Re: The day I lost my job due to monit

[Phil Townes]

This issue was highlighted on a number of IT news pages and blogs in the week or two prior to the issuing CA expiring.  A decent CA should also have made contact with their customers.

We were also bitten by this issue as well, so I now have a shell script which checks all certificates in a chain for impending expiry.  I'm happy to share if that would help anyone.

Phil

On Wed, 9 Dec 2020 at 10:57, Werner Flamme <werner.flamme@ufz.de> wrote:

Am 2020-12-06 um 12:18 schrieb SZÉPE Viktor:
> Idézem/Quoting Werner Flamme <werner.flamme@ufz.de>:
>
>> Am 04.12.2020 um 16:52 schrieb rexkogitans@gmx.at:
>>> I configured monit to monitor the TLS certificate validity of all of our
>>> highly productive websites.

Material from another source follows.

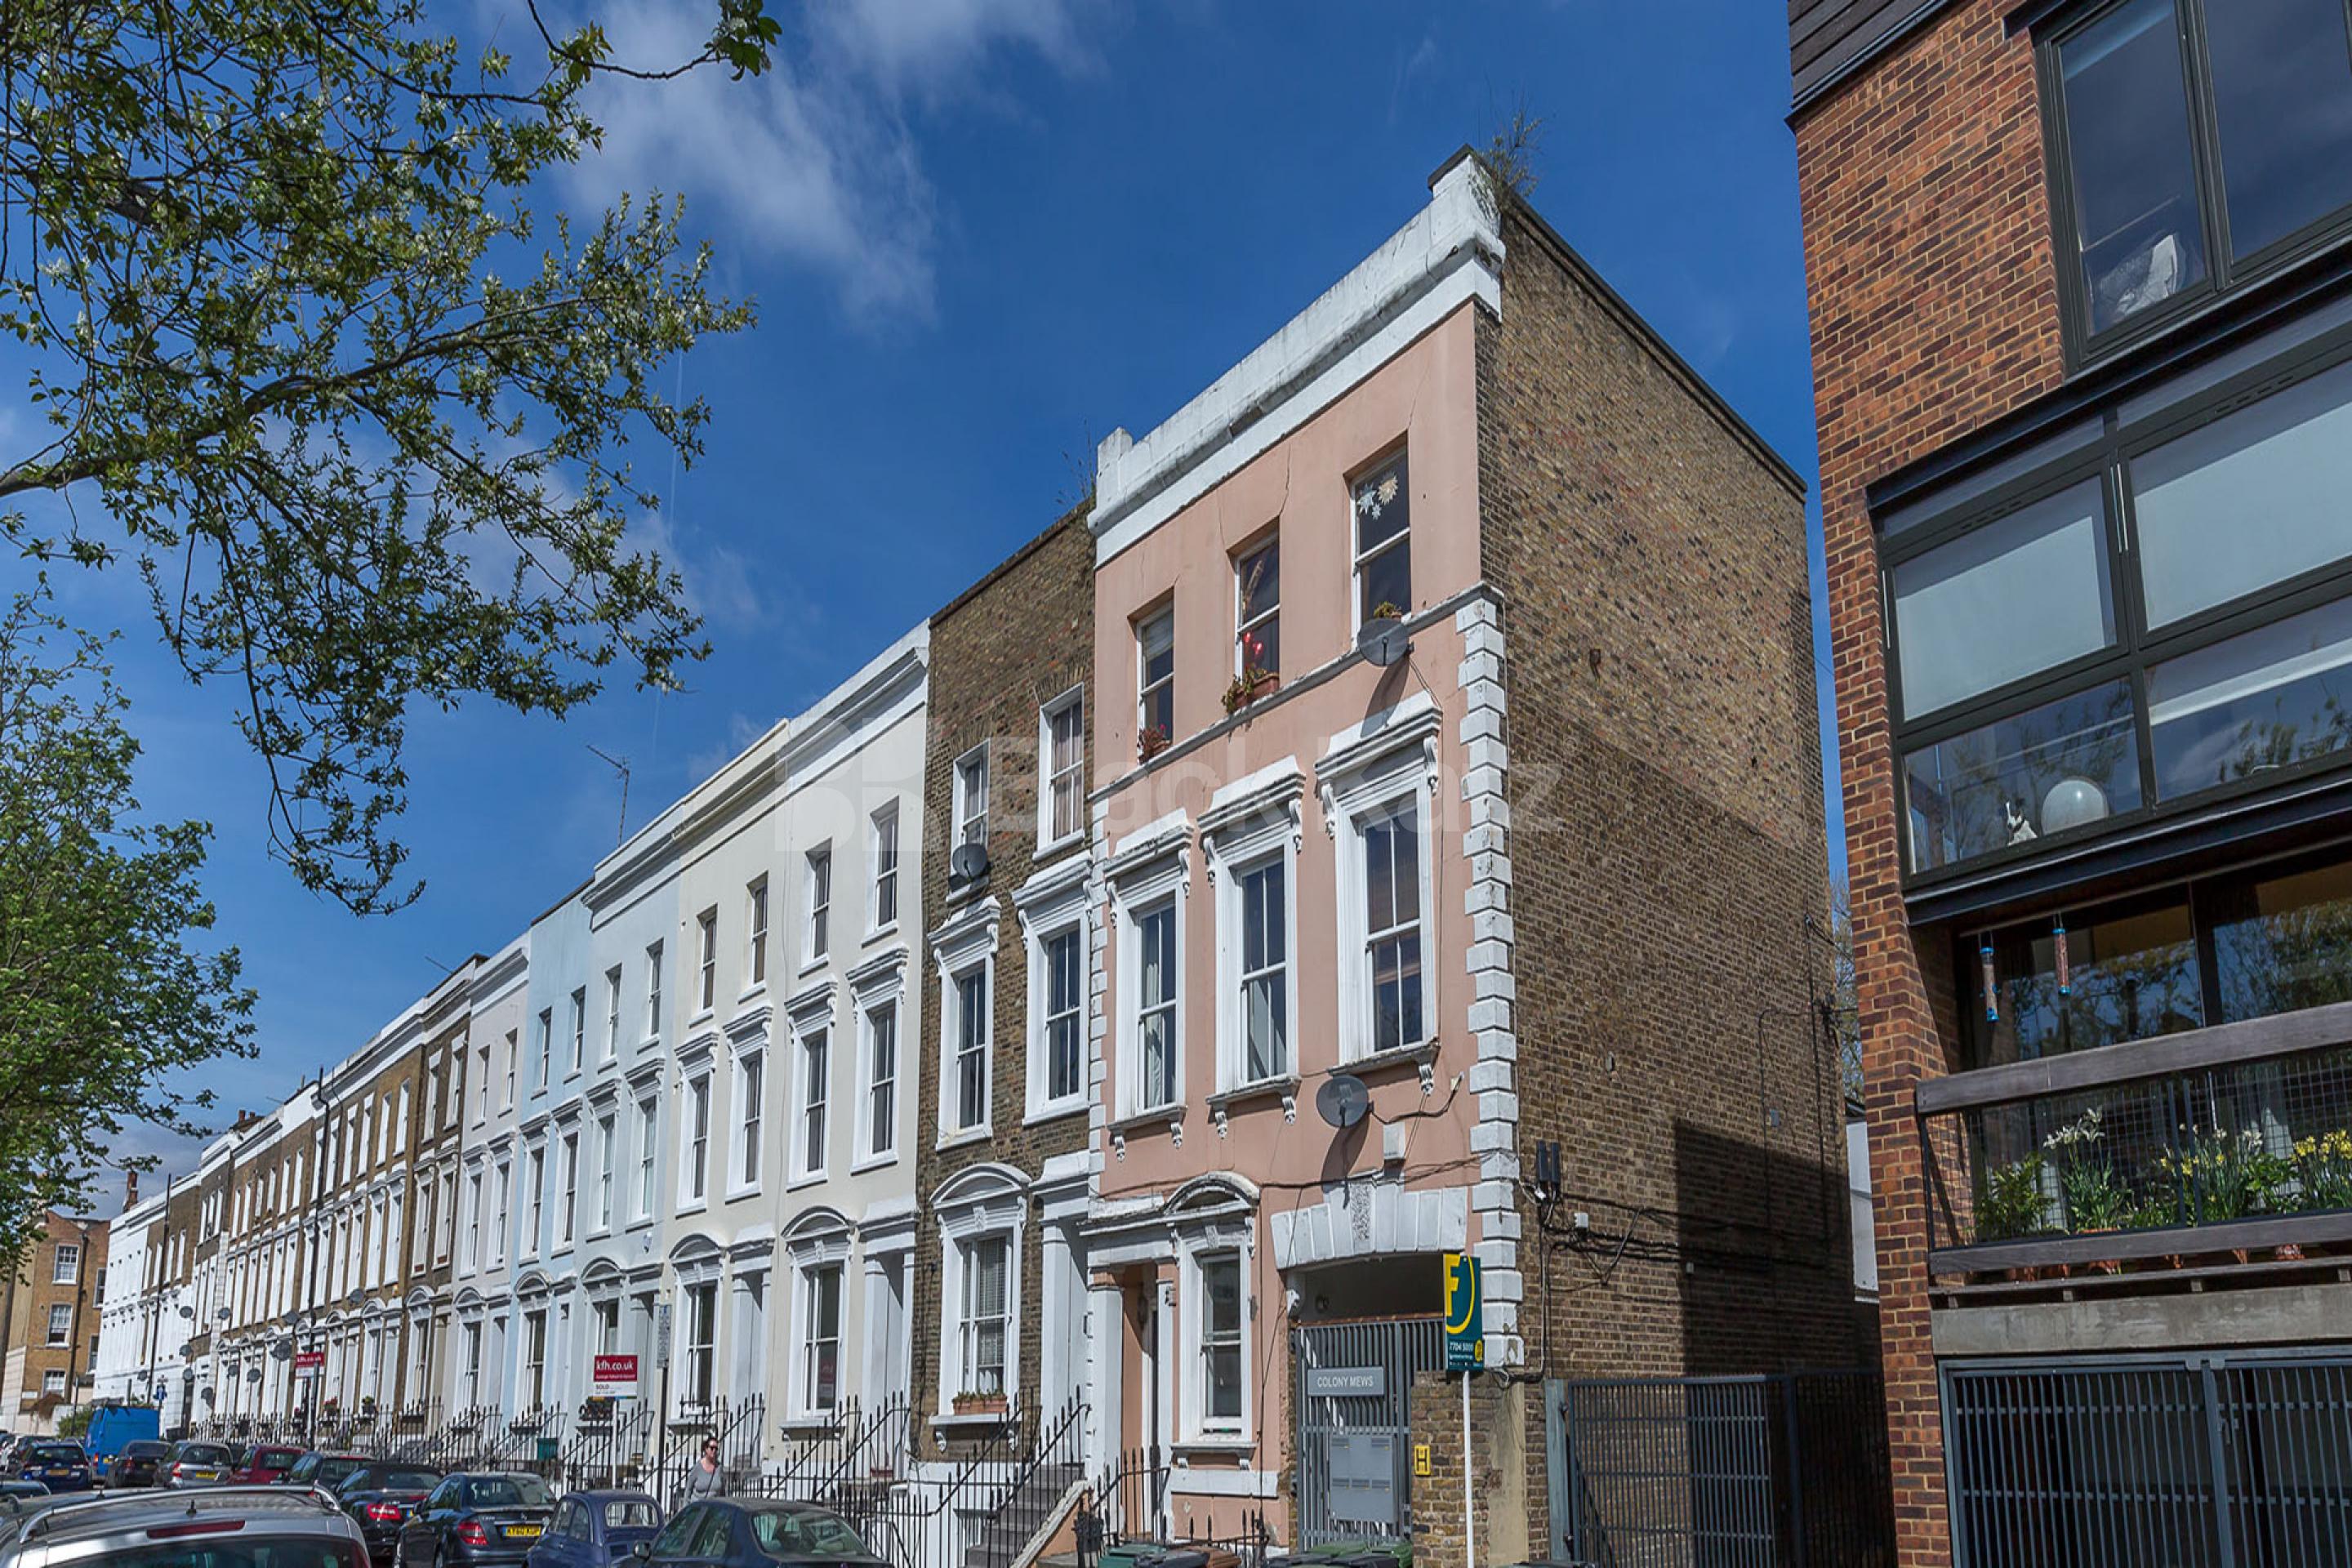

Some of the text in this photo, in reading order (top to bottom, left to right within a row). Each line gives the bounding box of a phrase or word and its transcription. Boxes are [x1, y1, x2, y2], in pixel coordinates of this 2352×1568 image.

[596, 1359, 634, 1370] kfh.co.uk
[1317, 1375, 1374, 1388] COLONY MEWS

To all websites, the unnecessary full
>>> certificate (without root CA) was installed. However, on 30th of May
>>> 2020 one of the chain certificates (COMODO) ran out of its validity
>>> period. Obviously monit only checks for the server certificate, that's
>>> why the check did not notice this, and such a check is completely
>>> pointless. It led to a massive damage to my company, and since I was to
>>> deal with monitoring as well as TLS certificates, I had to move on to
>>> find a new job.
>>
>> I do not understand why a server certificate is valid longer than any of
>> the intermediate certificates. Has the COMODO intermediate certificate
>> been revoked or did it reach its valid date?
>>
>
> Hello Werner!
>
> It was a transition to anther signing root.
> PKI is a changing landscape.
> Google for COMODO 2020 cross-signing.

Hello Viktor,

so, the intermediate cert was valid when the change happened. How would
one monitor this change in advance?

Ithink, in such cases you have to be awake personally. You should have
gotten information beforehand, issued by COMODO. You should've had time
to renew and change the certificates. I do not see how to get monit to
warn you here.

Werner

--